Noboa hijo era un silencioso diputado que rehuía la confrontación y había brillado solitariamente en un debate televisado bajo el trauma del reciente magnicidio. Con una votación de segunda vuelta prácticamente idéntica a la que había llevado al Palacio de Carondelet a Guillermo Lasso en 2021, la victoria de Noboa Azín ratificó el “techo” recurrente de las candidaturas correístas. Se comprobaba así que casi cualquier candidatura improvisada podía vencer la fuerza de Rafael Correa (presidente entre 2007 y 2017), en este caso, a Luisa González, cuyo mayor activo era la fidelidad hacia el exmandatario exiliado en Bélgica.

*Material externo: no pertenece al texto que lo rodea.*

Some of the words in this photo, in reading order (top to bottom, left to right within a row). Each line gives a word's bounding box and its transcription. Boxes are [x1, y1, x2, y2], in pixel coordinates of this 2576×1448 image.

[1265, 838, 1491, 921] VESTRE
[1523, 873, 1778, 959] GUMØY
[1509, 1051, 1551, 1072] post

¿Qué ha pasado en este año de gobierno interino y qué futuro puede augurarse en la contienda electoral actual?

Coordenadas económicas y de seguridad

Noboa fue elegido para completar el interrumpido mandato del banquero conservador Guillermo Lasso por un poco más de un año y medio. Inicialmente, la situación económica y fiscal heredada de su antecesor lucía desesperada. En diciembre de 2023, el déficit primario era mayor al encontrado por Lasso en diciembre de 2020 (3.300 millones de dólares), las reservas habían caído a niveles históricos, la ejecución presupuestaria del plan nacional de inversiones públicas apenas superaba el 11% de lo planificado y las deudas con proveedores, la seguridad social y los gobiernos locales dejaban al gobierno con la caja más que vacía.

En el marco de una economía dolarizada, el gobierno tomó el camino económico desplegado en piloto automático por los gobiernos anteriores. En abril de 2024 firmó un nuevo acuerdo con el Fondo Monetario Internacional (FMI), el cuarto desde marzo de 2019, que le aseguró una inyección de fondos de 4.000 millones de dólares, esencialmente para pagar las deudas con el propio FMI, y la apertura de financiación con otros organismos multilaterales por otros 6.000 millones.

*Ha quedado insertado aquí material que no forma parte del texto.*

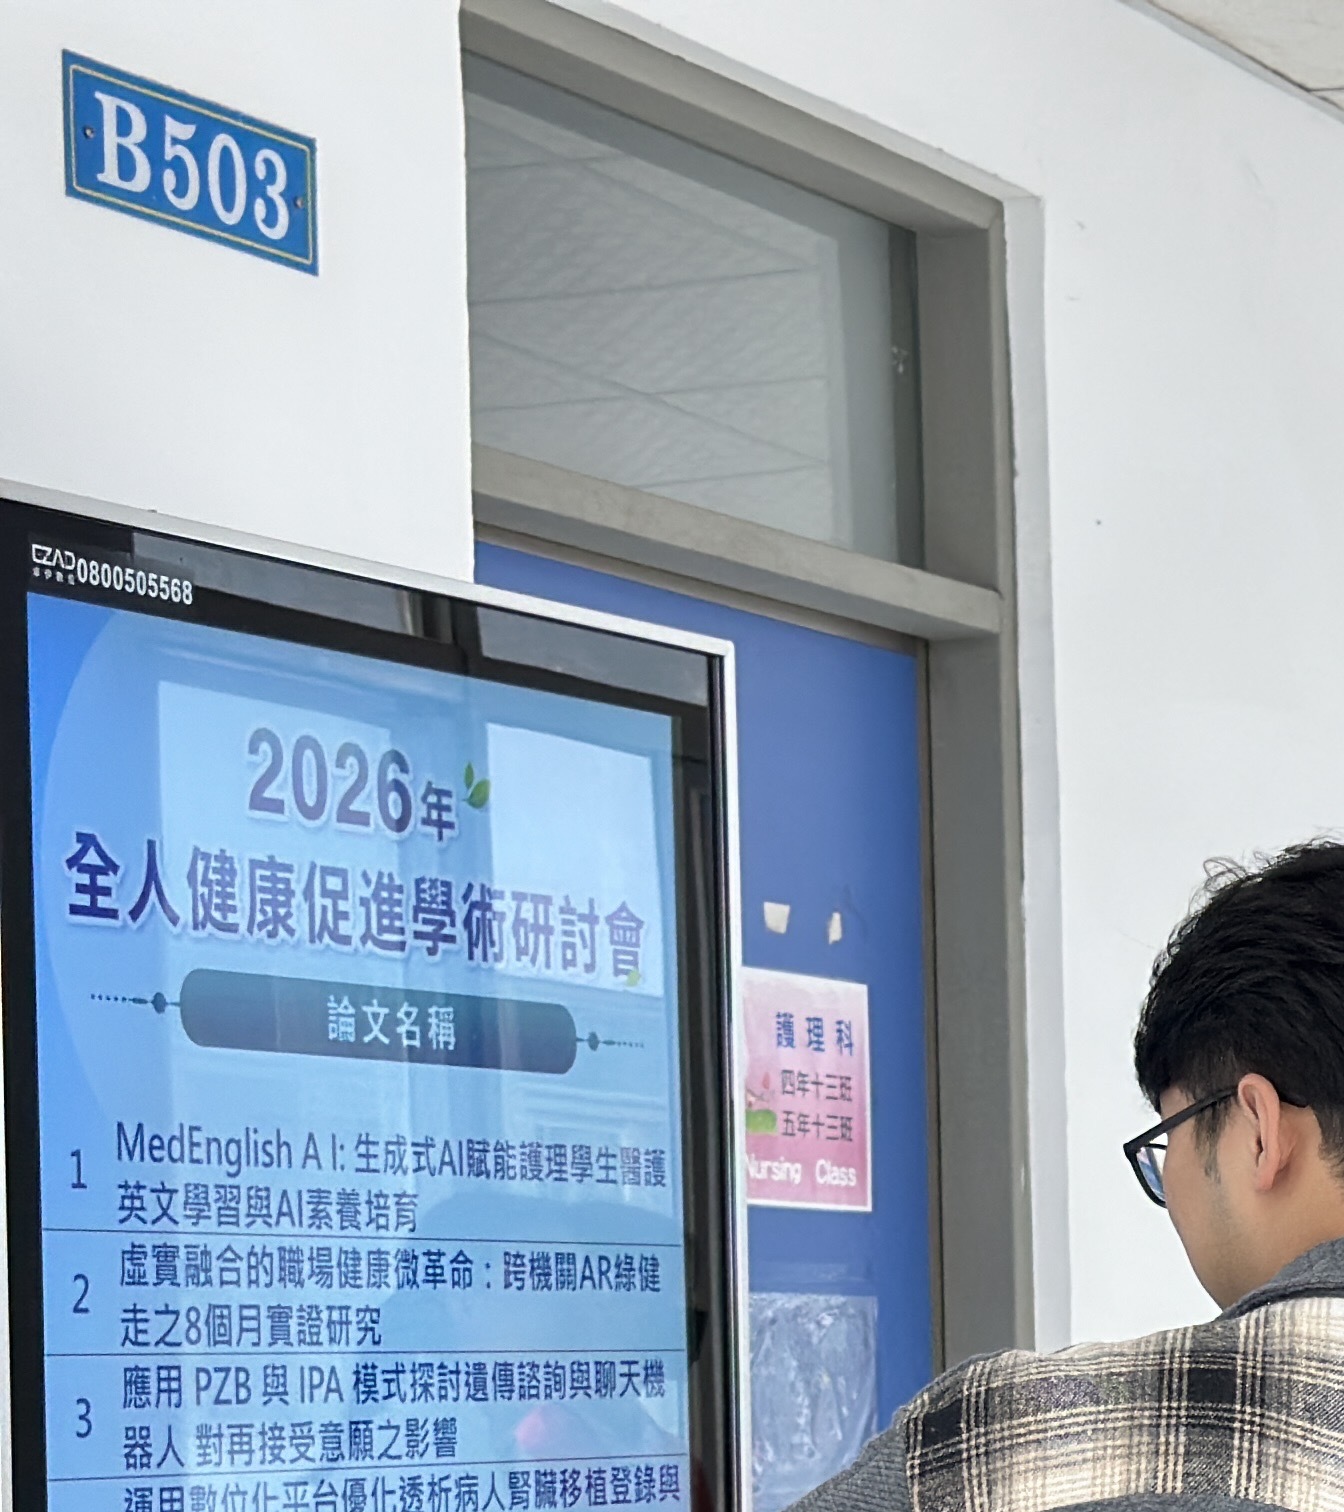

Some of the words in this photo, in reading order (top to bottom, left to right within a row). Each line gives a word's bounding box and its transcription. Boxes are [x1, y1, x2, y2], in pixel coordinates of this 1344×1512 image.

[95, 91, 290, 240] B503
[77, 558, 193, 605] 0800505568
[246, 728, 457, 842] 2026年
[65, 831, 645, 978] 全人健康促進學術研討會
[327, 994, 457, 1051] 論文名稱
[70, 1149, 88, 1189] 1
[116, 1121, 292, 1178] MedEnglish
[302, 1131, 323, 1170] A
[355, 1132, 667, 1188] 生成式AI賦能護理學生醫護
[815, 1158, 857, 1187] Class
[117, 1179, 419, 1233] 英文學習與AI素養培育
[72, 1273, 90, 1314] 2
[120, 1303, 382, 1348] 走之8個月實證研究
[75, 1397, 92, 1439] 3
[123, 1364, 182, 1409] 應用
[195, 1366, 251, 1406] PZB
[262, 1363, 289, 1407] 與
[300, 1365, 344, 1403] IPA
[352, 1359, 665, 1404] 模式探討遺傳諮詢與聊天機
[124, 1424, 185, 1470] 器人
[196, 1416, 457, 1467] 對再接受意願之影響
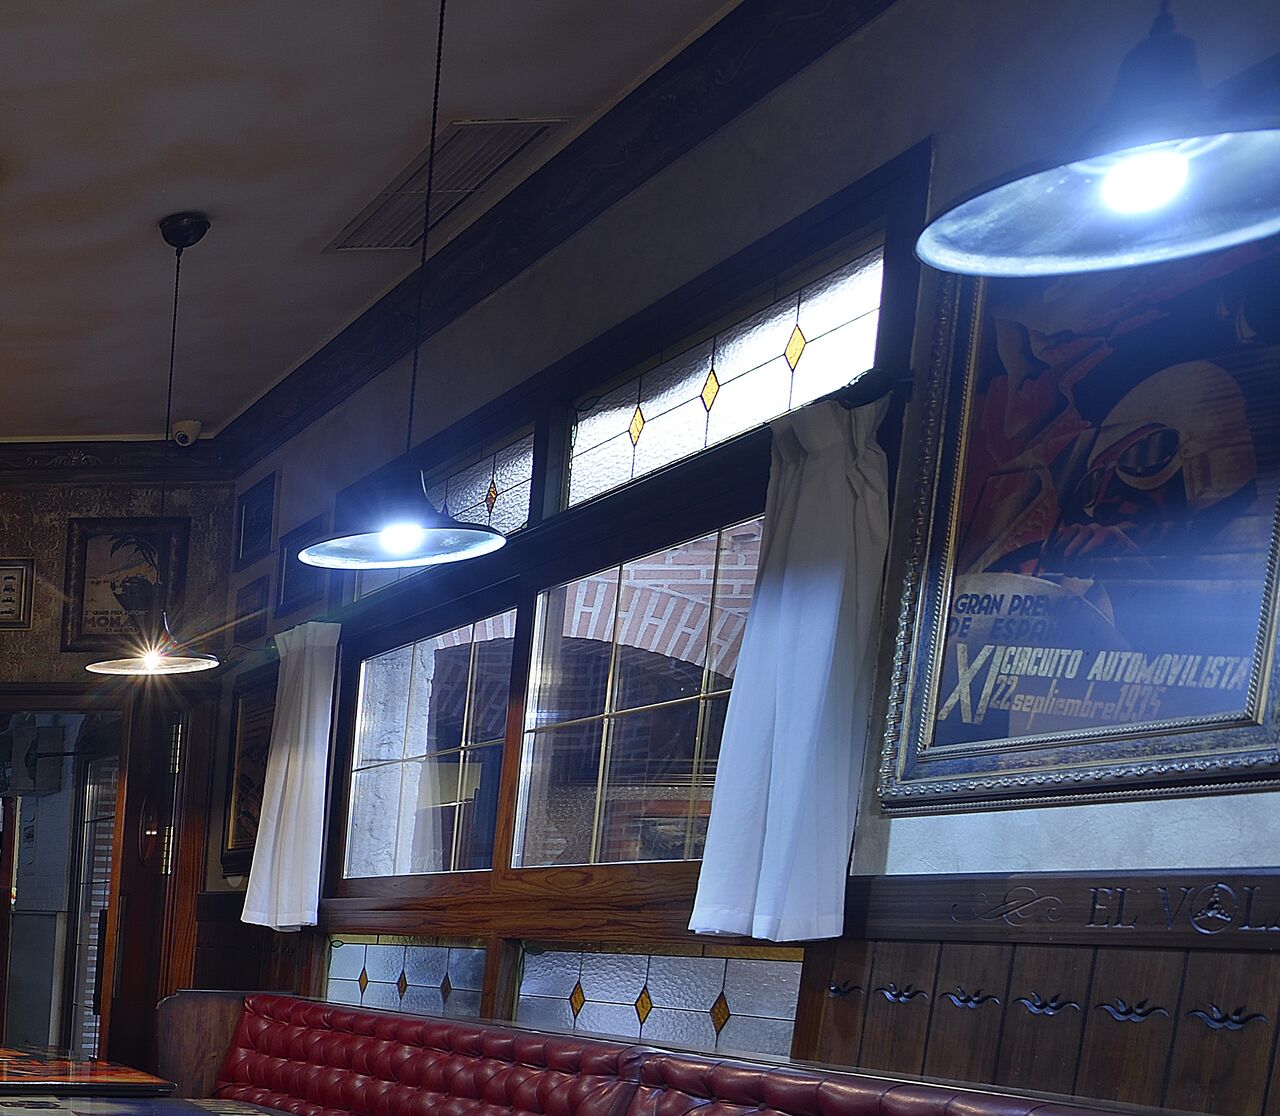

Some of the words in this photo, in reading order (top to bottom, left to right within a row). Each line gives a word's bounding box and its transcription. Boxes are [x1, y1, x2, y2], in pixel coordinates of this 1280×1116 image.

[953, 594, 1005, 616] GRAN
[948, 616, 973, 639] DE
[937, 643, 1006, 725] XI
[999, 646, 1083, 679] CIRCUITO
[1087, 650, 1252, 691] AUTOMOVILISTA
[989, 675, 1018, 711] 22
[1011, 678, 1117, 731] septiembre
[1085, 886, 1138, 928] EL

A fines de noviembre de 2023, el mandatario había enviado al Parlamento una ley para la condonación de intereses y multas de deudas tributarias (llamadas popularmente “amnistías tributarias”), con la que anunció que recaudaría 960 millones de dólares, aunque a final de agosto de 2024 el Servicio de Rentas Internas señaló haber cobrado sólo 562 millones. Este blanqueo de la evasión tributaria se ha repetido regular y perversamente: Correa lo hizo cuatro veces, Lenín Moreno y Lasso, una cada uno.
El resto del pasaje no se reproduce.